I spend a lot of time reading code I didn't write and don't immediately understand. Here's what I've figured out works.
What doesn't work
Reading linearly from the top. This feels organized. It isn't. Code isn't a book; most files are not written to be read start to finish.
Trying to understand everything before changing anything. You'll never feel ready. At some point you have to touch something, see what breaks, and learn from that.
What works
Start from behavior, not structure. What does this code do? Find the function that does the thing you care about and work outward from there. Don't start from the file tree.
Run it first. If there's a way to run the code and observe what it does, do that before reading any of it. Having a mental model of the output makes the source make more sense.

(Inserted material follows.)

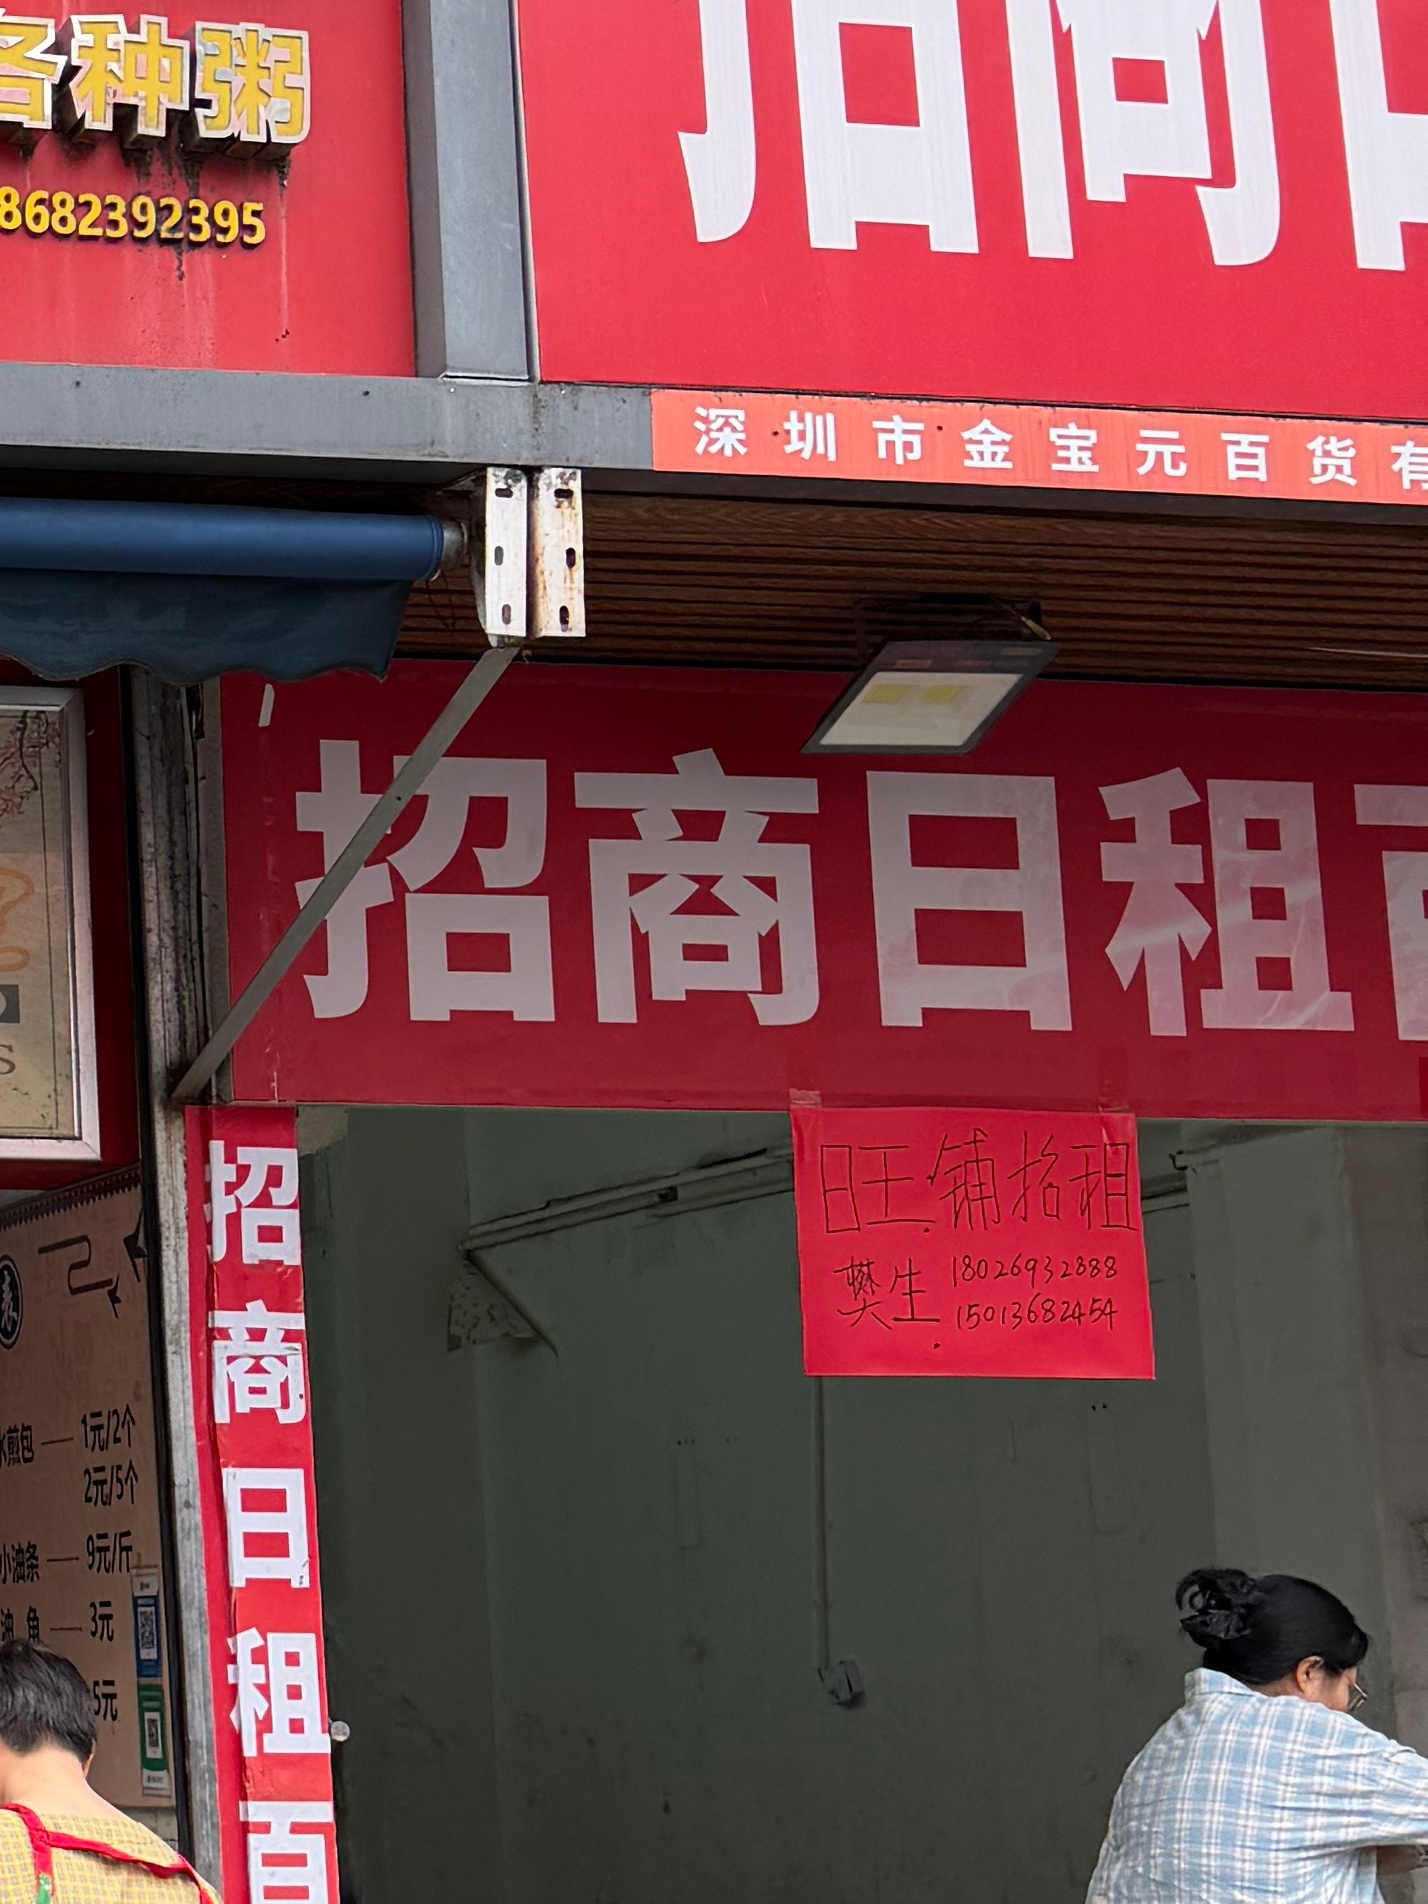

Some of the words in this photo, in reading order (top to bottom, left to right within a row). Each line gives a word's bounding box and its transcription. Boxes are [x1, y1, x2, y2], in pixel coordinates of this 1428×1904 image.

Use the test suite as documentation. Tests describe the expected behavior in executable form. If the tests are good, they're often more useful than comments.
Write down your current theory. When I'm confused, I write a sentence: "I think this function takes X and returns Y, but I don't understand why it calls Z." Writing it down forces me to be specific about what I actually don't know. Usually the next step becomes obvious.
Accept that you'll understand it piece by piece. You don't need a complete mental model to contribute. You need a good enough model for the thing you're doing right now. The full picture assembles over time, from repeated small interactions with different parts.
The uncomfortable truth
Most of the time I feel like I understand code less than I should. I've started to think that's just what it feels like to work in a codebase you didn't build — the experienced people feel it too, they've just made peace with it.
You don't need to understand everything. You need to understand enough.